Don’t let wife starve, HC tells hubby
MUMBAI: A wife cannot be expected to starve, the Bombay high court (HC) said while directing a family court to rehear an application filed by a city resident for interim maintenance from her husband, as the couple fights a divorce battle.
“It is not expected of the wife to starve even though the decree for divorce is stayed by the competent court,” said a division bench of Justice P B Majmudar and Justice Amjad Sayed. The family court’s view that the marriage was “under a cloud” was unsustainable,” the judges added, and quashed an order that had dismissed Meeta Shah’s plea for interim maintenance from her husband Nilesh.
The HC said the Rs 1,000 maintenance that was awarded in 2000 under Section 125 of the Criminal Procedure Code (CrPC) “cannot be said to be adequate”. The judges directed the family court to decide on Meeta’s application within a month.
Meeta and Nilesh had married in 2000, but their relationship soured soon after. The same year, Meeta moved court under the CrPC, seeking maintenance as her husband had neglected her. Nilesh was told to pay Rs 1,000 as monthly maintenance.
Subsequently, a family court in Chennai granted divorce, but the order was stayed and the case was pending before the Madras high court.

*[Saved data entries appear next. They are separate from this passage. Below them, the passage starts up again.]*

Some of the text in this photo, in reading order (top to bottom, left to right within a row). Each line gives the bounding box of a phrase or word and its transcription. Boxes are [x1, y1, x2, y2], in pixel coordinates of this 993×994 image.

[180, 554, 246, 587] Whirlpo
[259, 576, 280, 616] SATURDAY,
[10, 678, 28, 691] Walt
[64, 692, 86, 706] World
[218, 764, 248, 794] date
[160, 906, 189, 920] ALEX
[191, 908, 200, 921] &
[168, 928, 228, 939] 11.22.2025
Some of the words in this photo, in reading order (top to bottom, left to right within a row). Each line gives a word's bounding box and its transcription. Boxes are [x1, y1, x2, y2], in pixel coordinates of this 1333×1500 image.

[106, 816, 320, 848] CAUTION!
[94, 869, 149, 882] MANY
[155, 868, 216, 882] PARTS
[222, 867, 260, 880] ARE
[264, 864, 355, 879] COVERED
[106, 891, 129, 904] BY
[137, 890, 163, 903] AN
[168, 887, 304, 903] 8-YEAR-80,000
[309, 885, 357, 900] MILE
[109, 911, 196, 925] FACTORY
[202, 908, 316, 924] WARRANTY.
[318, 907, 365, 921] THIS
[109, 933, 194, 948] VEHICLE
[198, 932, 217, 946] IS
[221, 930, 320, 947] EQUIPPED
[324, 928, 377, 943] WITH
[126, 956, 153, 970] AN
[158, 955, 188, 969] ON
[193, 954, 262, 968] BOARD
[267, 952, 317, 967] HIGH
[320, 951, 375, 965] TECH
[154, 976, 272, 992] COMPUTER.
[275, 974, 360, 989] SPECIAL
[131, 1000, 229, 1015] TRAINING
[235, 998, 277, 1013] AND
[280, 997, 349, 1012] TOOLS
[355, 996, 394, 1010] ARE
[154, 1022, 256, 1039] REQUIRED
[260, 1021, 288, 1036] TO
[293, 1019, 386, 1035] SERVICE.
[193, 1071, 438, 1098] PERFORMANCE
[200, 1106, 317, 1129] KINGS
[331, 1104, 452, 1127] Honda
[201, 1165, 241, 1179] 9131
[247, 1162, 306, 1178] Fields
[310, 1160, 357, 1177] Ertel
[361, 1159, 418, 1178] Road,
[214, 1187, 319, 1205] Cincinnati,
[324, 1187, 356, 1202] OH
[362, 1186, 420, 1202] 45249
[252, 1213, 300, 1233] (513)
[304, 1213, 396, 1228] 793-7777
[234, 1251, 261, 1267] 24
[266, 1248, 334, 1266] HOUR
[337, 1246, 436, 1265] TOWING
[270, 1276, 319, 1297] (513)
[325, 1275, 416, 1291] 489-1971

A few years later, Meeta filed a petition before the family court in the city under the Hindu Adoptions and Maintenance Act, seeking maintenance. Her application for interim maintenance was dismissed by the court in 2009 as she was not the wife of her husband and her position as a legally wedded wife was “under a cloud”.

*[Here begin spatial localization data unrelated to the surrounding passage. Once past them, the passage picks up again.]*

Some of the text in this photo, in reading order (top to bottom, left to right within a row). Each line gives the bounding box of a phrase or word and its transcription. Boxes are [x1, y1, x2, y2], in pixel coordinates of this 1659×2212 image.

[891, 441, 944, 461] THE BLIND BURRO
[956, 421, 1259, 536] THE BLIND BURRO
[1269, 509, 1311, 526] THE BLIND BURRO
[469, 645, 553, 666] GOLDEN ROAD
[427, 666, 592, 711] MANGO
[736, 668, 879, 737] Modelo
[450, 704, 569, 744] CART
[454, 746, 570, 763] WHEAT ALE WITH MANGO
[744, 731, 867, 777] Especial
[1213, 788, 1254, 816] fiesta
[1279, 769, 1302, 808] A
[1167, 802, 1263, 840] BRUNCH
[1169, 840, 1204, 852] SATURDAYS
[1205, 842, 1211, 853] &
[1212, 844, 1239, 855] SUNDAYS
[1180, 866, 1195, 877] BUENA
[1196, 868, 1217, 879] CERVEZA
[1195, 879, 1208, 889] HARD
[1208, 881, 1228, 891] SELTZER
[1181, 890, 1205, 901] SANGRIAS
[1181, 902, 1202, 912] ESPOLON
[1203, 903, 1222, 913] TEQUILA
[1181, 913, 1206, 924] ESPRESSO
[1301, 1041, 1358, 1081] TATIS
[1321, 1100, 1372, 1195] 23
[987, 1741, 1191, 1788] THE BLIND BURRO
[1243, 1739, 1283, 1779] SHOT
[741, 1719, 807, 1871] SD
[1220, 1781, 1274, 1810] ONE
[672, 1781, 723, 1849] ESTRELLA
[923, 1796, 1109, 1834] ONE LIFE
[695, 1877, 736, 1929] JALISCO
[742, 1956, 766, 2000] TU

Meeta then approached the high court. A single judge last year clarified that since the divorce had been stayed, Meeta continued to be the legally wedded wife, but dismissed her petition. Her appeal recently came up before the HC’s division bench.

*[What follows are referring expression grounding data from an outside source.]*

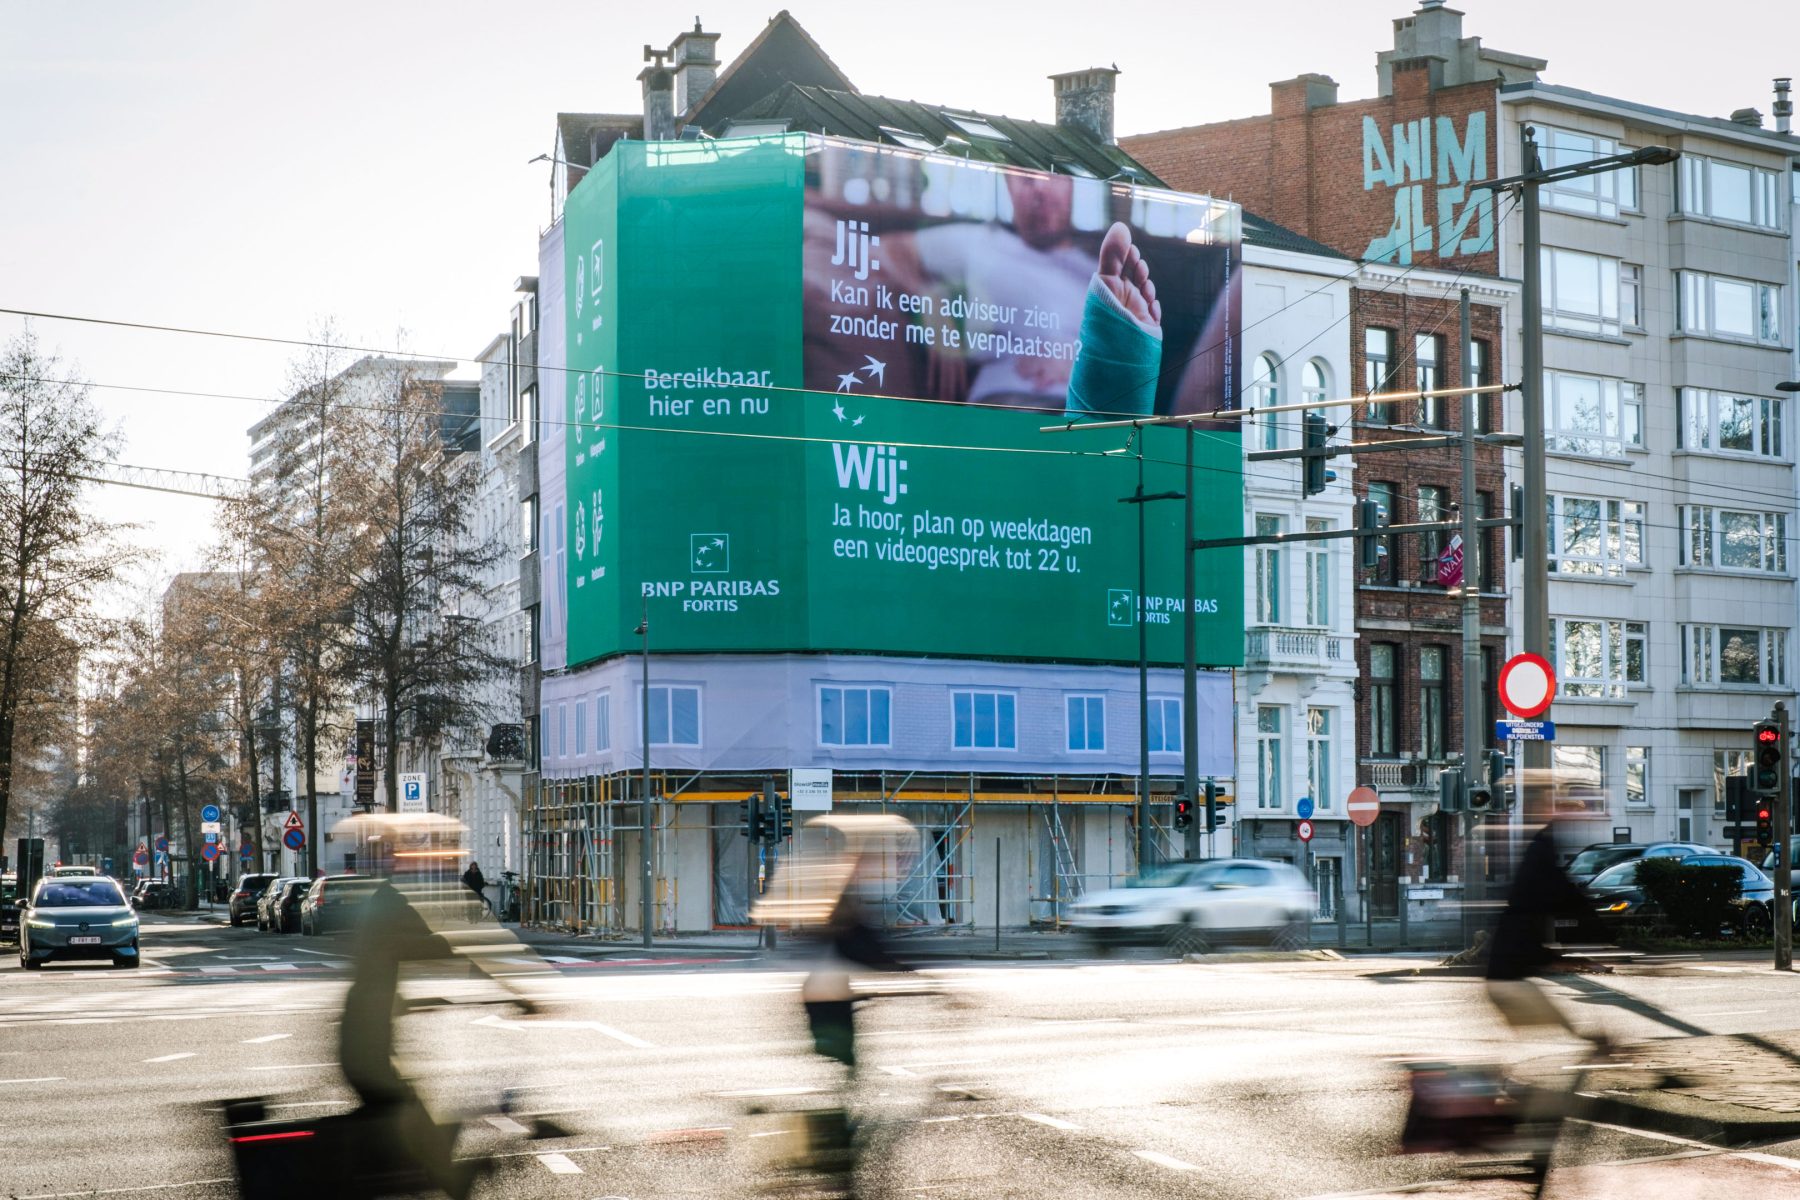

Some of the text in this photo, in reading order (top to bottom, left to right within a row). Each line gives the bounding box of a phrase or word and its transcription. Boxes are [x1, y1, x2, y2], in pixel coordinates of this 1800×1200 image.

[832, 220, 880, 280] Jij:
[832, 280, 1060, 330] Kan ik een adviseur zien
[830, 314, 1082, 361] zonder me te verplaatsen?
[644, 367, 773, 390] Bereikbaar,
[650, 395, 769, 416] hier en nu
[832, 442, 908, 505] Wij:
[832, 503, 1091, 549] Ja hoor, plan op weekdagen
[834, 537, 1080, 573] een videogesprek tot 22 u.
[641, 580, 780, 597] BNP PARIBAS
[683, 600, 738, 612] FORTIS

“There is no question of there being any cloud as to whether (Meeta) is the legally wedded wife of (Nilesh),” said the division bench. The HC added that the fact of marriage was never under challenge and the Madras high court had already stayed the divorce, “which fact is completely lost sight of by the judge of the family court”.
The court, while telling the family court to decide Meeta’s plea for maintenance, clarified that it had expressed no opinion on the merit of what the maintenance amount should be or whether Nilesh’s income was sufficient to pay the amount.